Paroles de saint Isaac le Syrien

 

Pour avancer dans notre carême de pâques, je vous propose de nous mettre à l'école de saint Isaac par un florilège des centuries spirituelles.

 

Vous pourrez aussi trouver les "sentences", un autre florilège sur

ici centurie de saint Isaac

 

 

       Brève biographie extraite du synaxaire à la date du 28 janvier:

  

 

Le juste Isaac le syrien, évêque de Ninive, célèbre père spirituel  du 7è siècle,  est connu dans toutes les Eglises pour sa vertu, ses œuvres ascétiques et sa charité.

Né dans l'actuel Qatar (golfe Persique), il devint moine alors qu'il était très jeune.

Son renom de sainteté se répandit dans l'Empire perse, au point que les habitants de Ninive le réclamèrent comme évêque. Il fut consacré, vers 660, par le catholicos de l'Église de l'Orient. Il abdiqua seulement cinq mois plus tard pour se retirer comme anachorète au mont Matout parmi les ascètes du Nord, probablement au Khûzistân, Iran, une région à forte population syriaque orientale jusqu'à la conquête musulmane.

 

 

Les raisons de son départ de l'épiscopat restent incertaines.

Selon les sources, on peut soit penser à un départ volontaire:

- on raconte que deux fidèles, qui lui avaient demandé de trancher leur différend, repoussèrent ses conseils évangéliques en lui disant: "Laisse ton Évangile en dehors de cette affaire. " Isaac aurait dit:" S'ils ne sont pas disposés à se soumettre aux préceptes du Christ, qu'ont-ils besoin de moi ? "

- D'autres avancent que quelques uns de ses confrères évêques étaient contrariés par la doctrine spirituelle d'Isaac, aussi ennemi de la dispute, saint Isaac se serait retiré.

Dorénavant, il vécut dans la solitude, puis pratiquement aveugle, il se retira au monastère de Rabban Shabbour (Saint-Sapôr), où il dicta ses œuvres à ses disciples.

Le fait qu'Isaac ait été évêque de l'Eglise syriaque d'Orient considérée à tort comme nestorienne, ne l'empêche pas d'être un des écrivains spirituels les plus célèbres et les plus influents de tout l'Orient chrétien. Il est reçu en qualité de saint ascète par l'Église orthodoxe syriaque occidentale. 

Ses écrits inspirèrent Syméon le Nouveau Théologien et plus tard exercèrent leur influence importante sur la mystique russe par l'intermédiaire notamment de Théophane le Reclus. Les moines d'Egypte les lisent avec ferveur.  

 

Pour Isaac, la connaissance de Dieu s'acquiert par la foi, la prière, l’humilité, la purification de l’esprit et son union avec le cœur.

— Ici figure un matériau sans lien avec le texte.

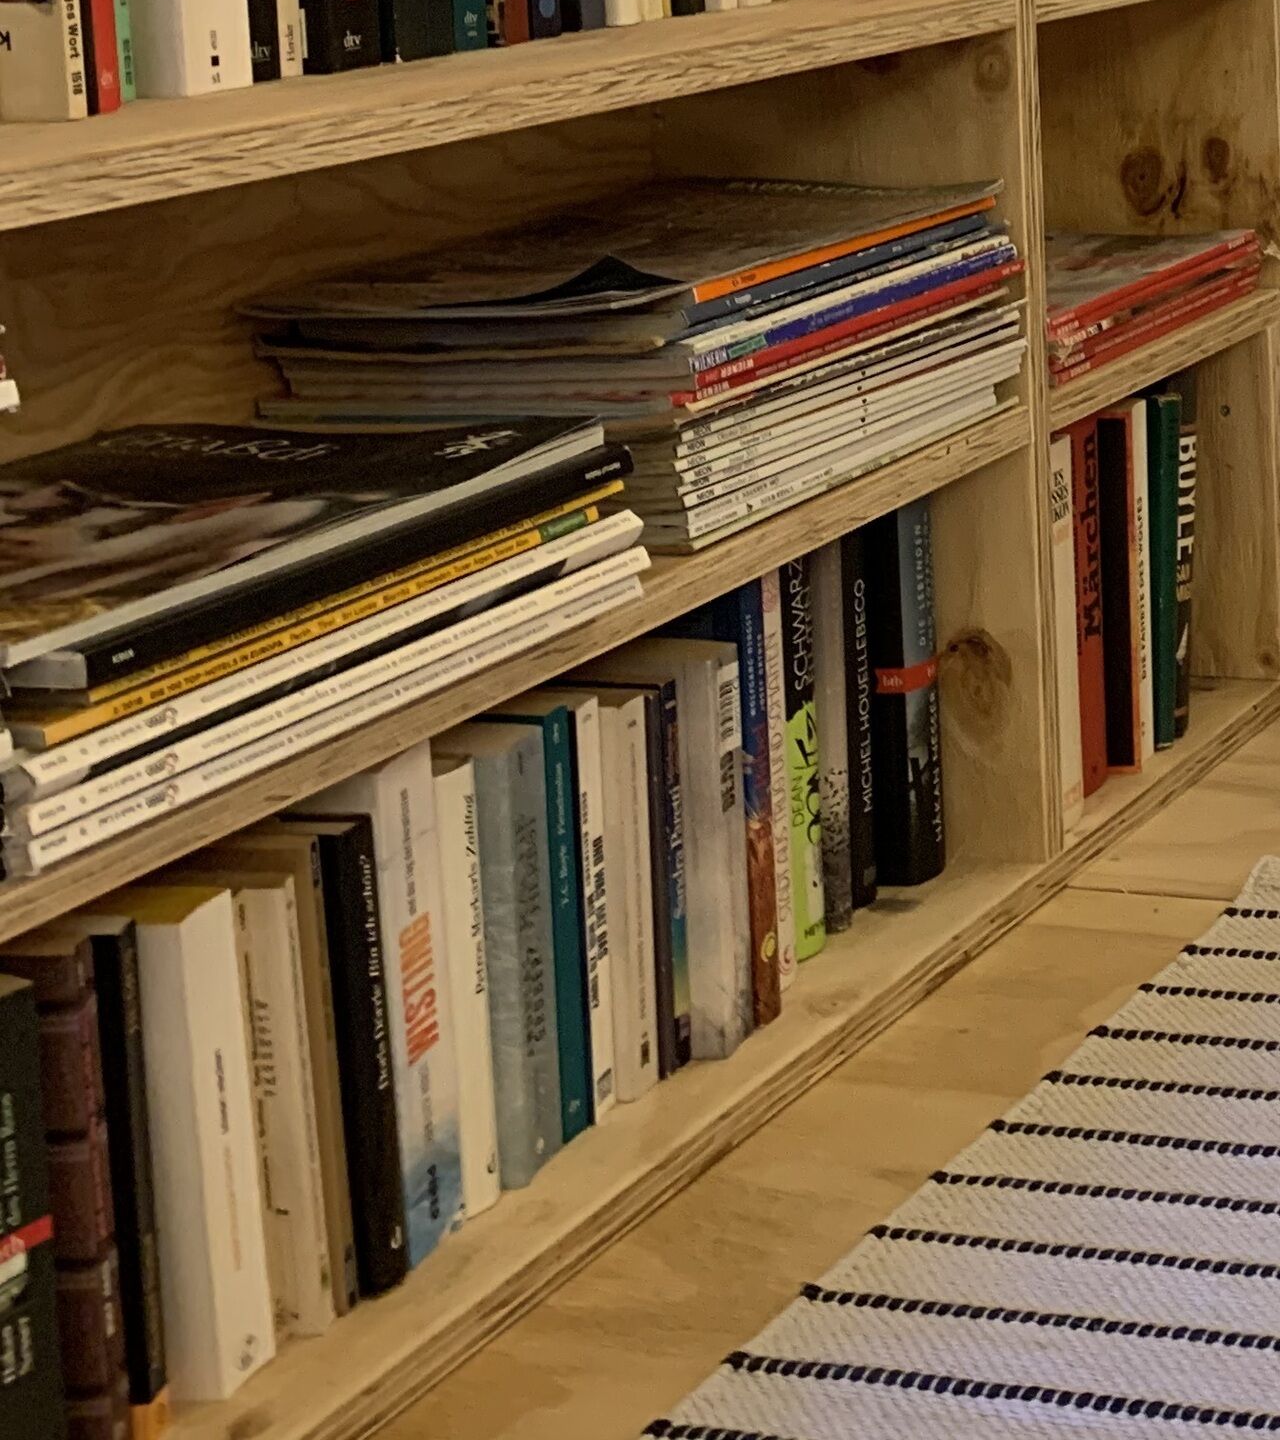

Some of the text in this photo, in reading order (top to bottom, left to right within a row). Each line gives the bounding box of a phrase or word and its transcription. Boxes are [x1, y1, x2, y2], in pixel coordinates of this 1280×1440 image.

[67, 23, 80, 59] Wort
[1177, 435, 1197, 561] BOYLE
[1080, 432, 1101, 641] Märchen
[917, 619, 927, 646] DIE
[853, 579, 873, 813] MICHEL HOUELLEBECQ
[928, 691, 938, 762] NESSER
[791, 775, 805, 828] DEAN
[593, 836, 604, 867] UND
[365, 916, 377, 942] ich
[462, 793, 486, 995] Petros Markaris Zahltag
[399, 911, 441, 1067] WISTING
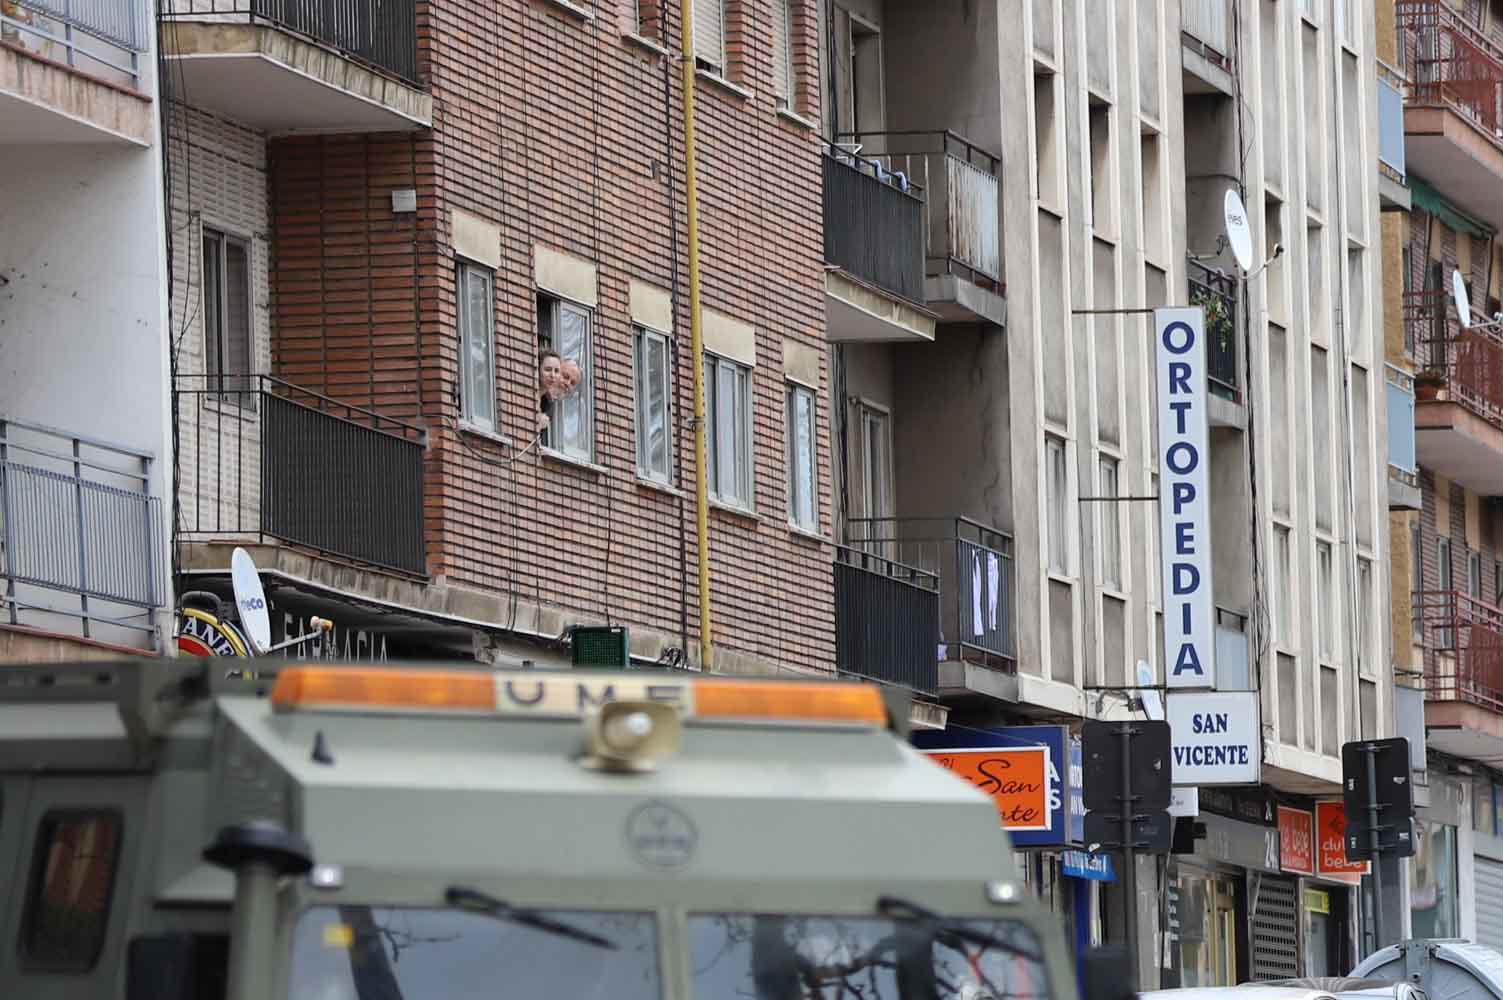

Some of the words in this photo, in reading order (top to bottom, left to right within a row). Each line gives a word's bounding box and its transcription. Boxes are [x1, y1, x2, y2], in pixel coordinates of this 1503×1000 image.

[1161, 320, 1204, 676] ORTOPEDIA
[1192, 713, 1228, 733] SAN
[1173, 745, 1249, 766] VICENTE
[977, 758, 1041, 794] San
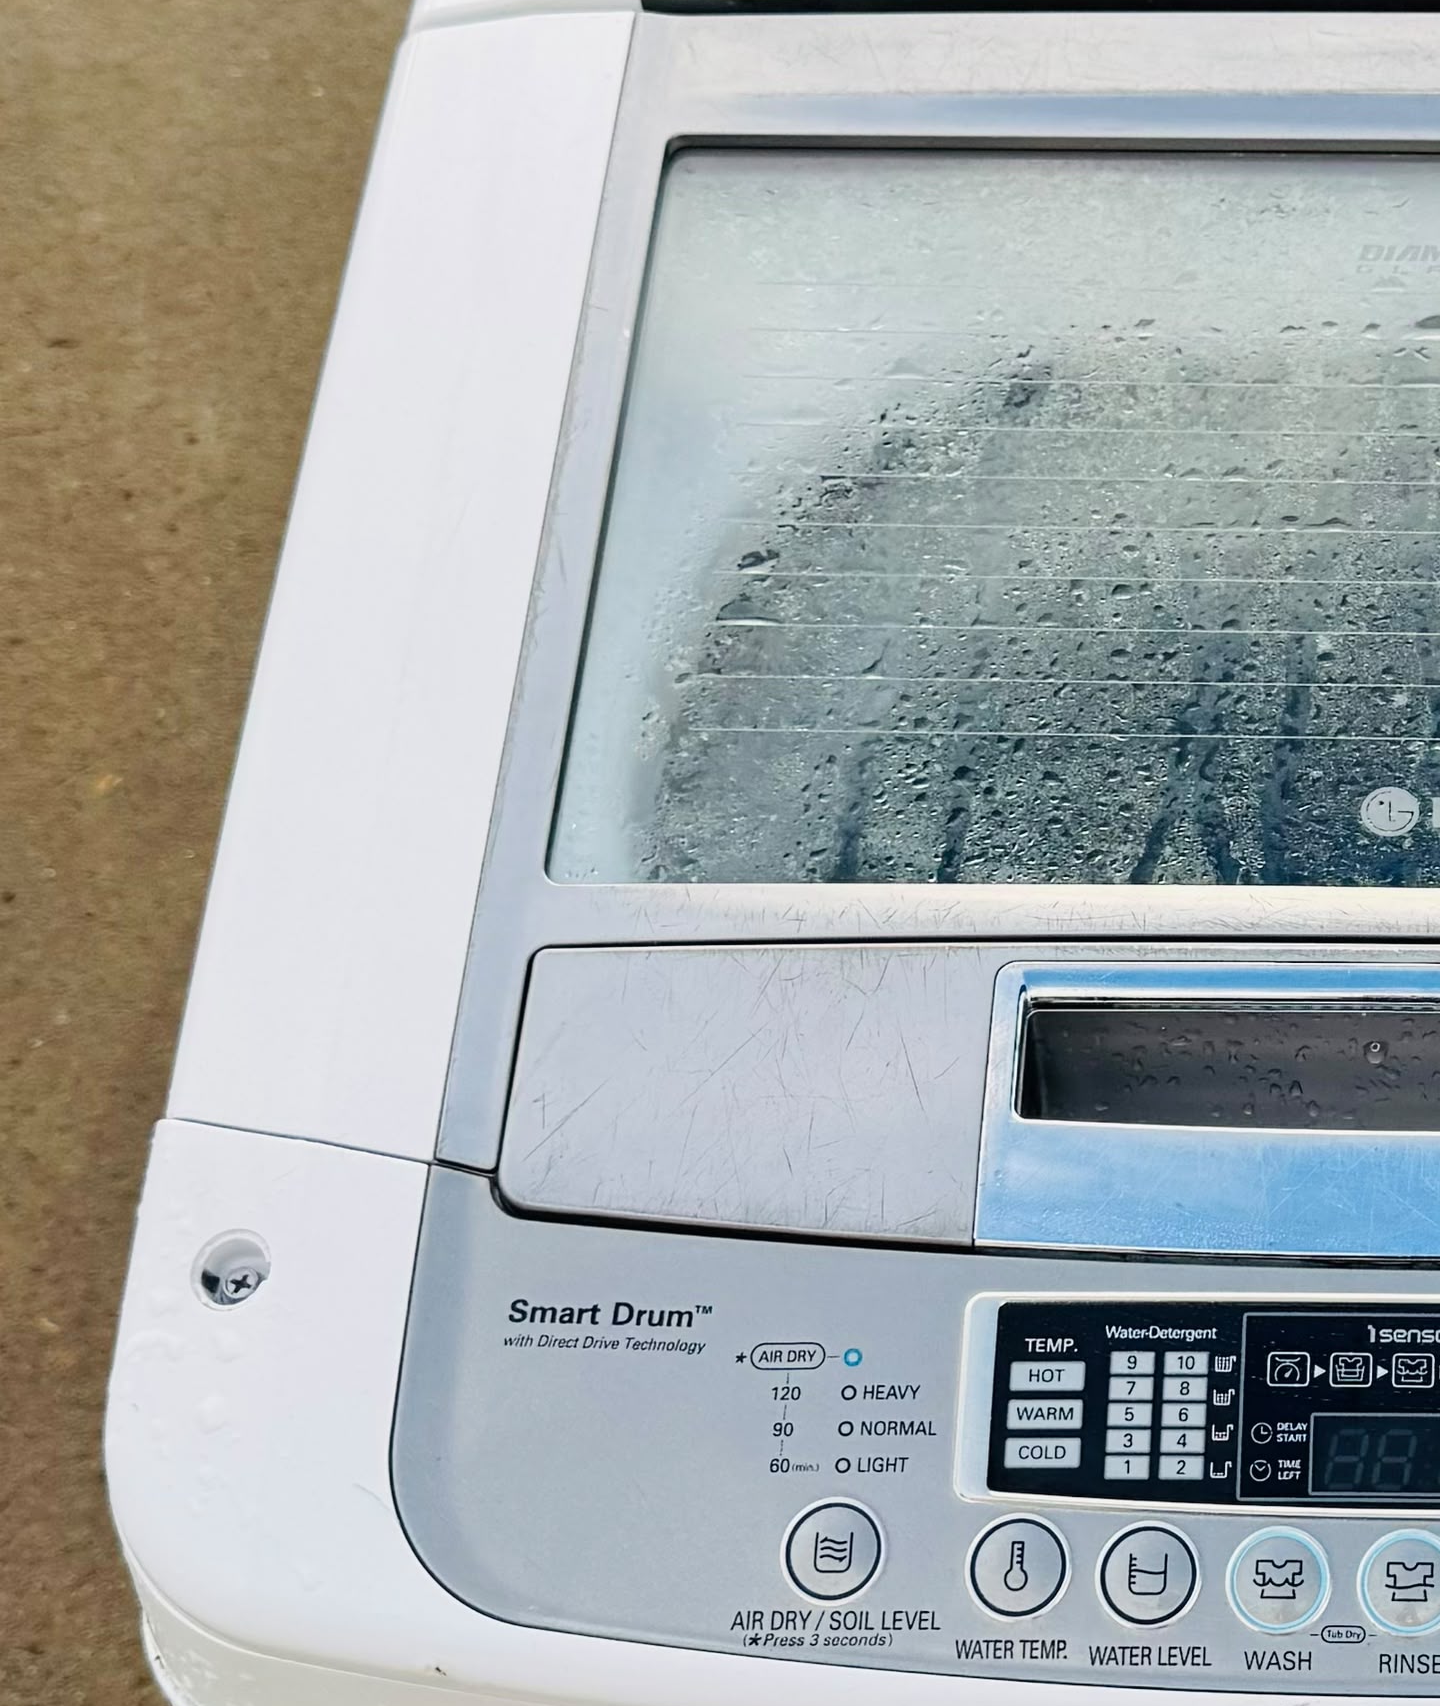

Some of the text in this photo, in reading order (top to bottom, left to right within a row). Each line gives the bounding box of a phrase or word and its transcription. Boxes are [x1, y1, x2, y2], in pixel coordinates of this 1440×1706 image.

[508, 1298, 602, 1325] Smart
[503, 1333, 707, 1356] with Direct Drive Technology
[1025, 1337, 1079, 1353] TEMP.
[758, 1349, 816, 1363] AIR DRY
[1127, 1355, 1195, 1370] 9 10
[1028, 1368, 1066, 1383] HOT
[771, 1386, 801, 1401] 120
[862, 1384, 921, 1400] HEAVY
[1126, 1381, 1190, 1396] 7 8
[1016, 1406, 1075, 1421] WARM
[1124, 1407, 1189, 1422] 5 6
[772, 1422, 794, 1437] 90
[860, 1421, 937, 1437] NORMAL
[1276, 1422, 1308, 1431] DELAY
[1123, 1433, 1187, 1448] 3 4
[1276, 1433, 1307, 1442] START
[1018, 1445, 1067, 1461] COLD
[857, 1457, 909, 1473] LIGHT
[1124, 1460, 1186, 1475] 1 2
[1278, 1459, 1301, 1469] TIME
[1278, 1470, 1301, 1480] LEFT
[730, 1611, 767, 1631] AIR
[770, 1611, 812, 1631] DRY
[830, 1611, 877, 1631] SOIL
[881, 1611, 941, 1632] LEVEL
[809, 1634, 820, 1648] 3
[823, 1633, 894, 1649] seconds)
[1326, 1630, 1363, 1641] Tub Dry
[955, 1639, 1068, 1661] WATER TEMP.
[1088, 1646, 1213, 1667] WATER LEVEL
[1243, 1650, 1313, 1671] WASH
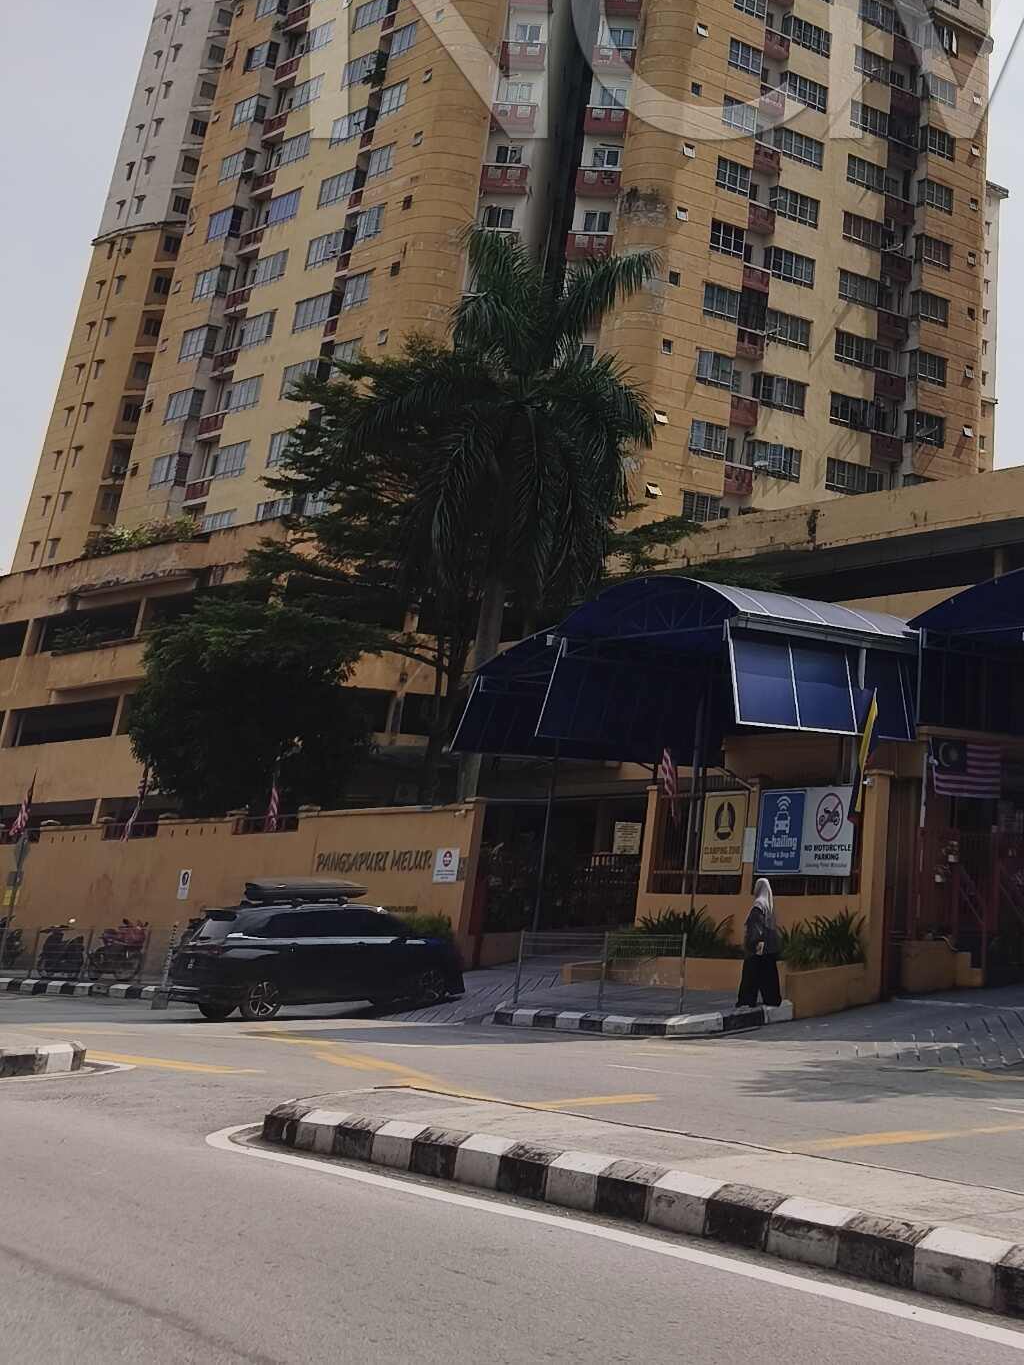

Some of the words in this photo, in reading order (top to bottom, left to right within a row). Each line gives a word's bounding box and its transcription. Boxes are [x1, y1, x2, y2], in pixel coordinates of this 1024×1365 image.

Alors le cœur s’élève jusqu’à ce qu’il atteigne les hauteurs de l’amour et que la joie demeure au fond de lui. Par la prière l’homme est sanctifié, "qu’il mange, boive ou dorme, le parfum de la prière s’exhale spontanément de son âme ".

Abba Isaac dit: "Je veux un cœur qui s'enflamme de charité pour la création entière, pour les hommes, pour les oiseaux, pour les bêtes, pour les démons, pour toutes les créatures. Priez aussi pour les animaux et même pour les reptiles, dignes eux aussi d'une pitié infinie".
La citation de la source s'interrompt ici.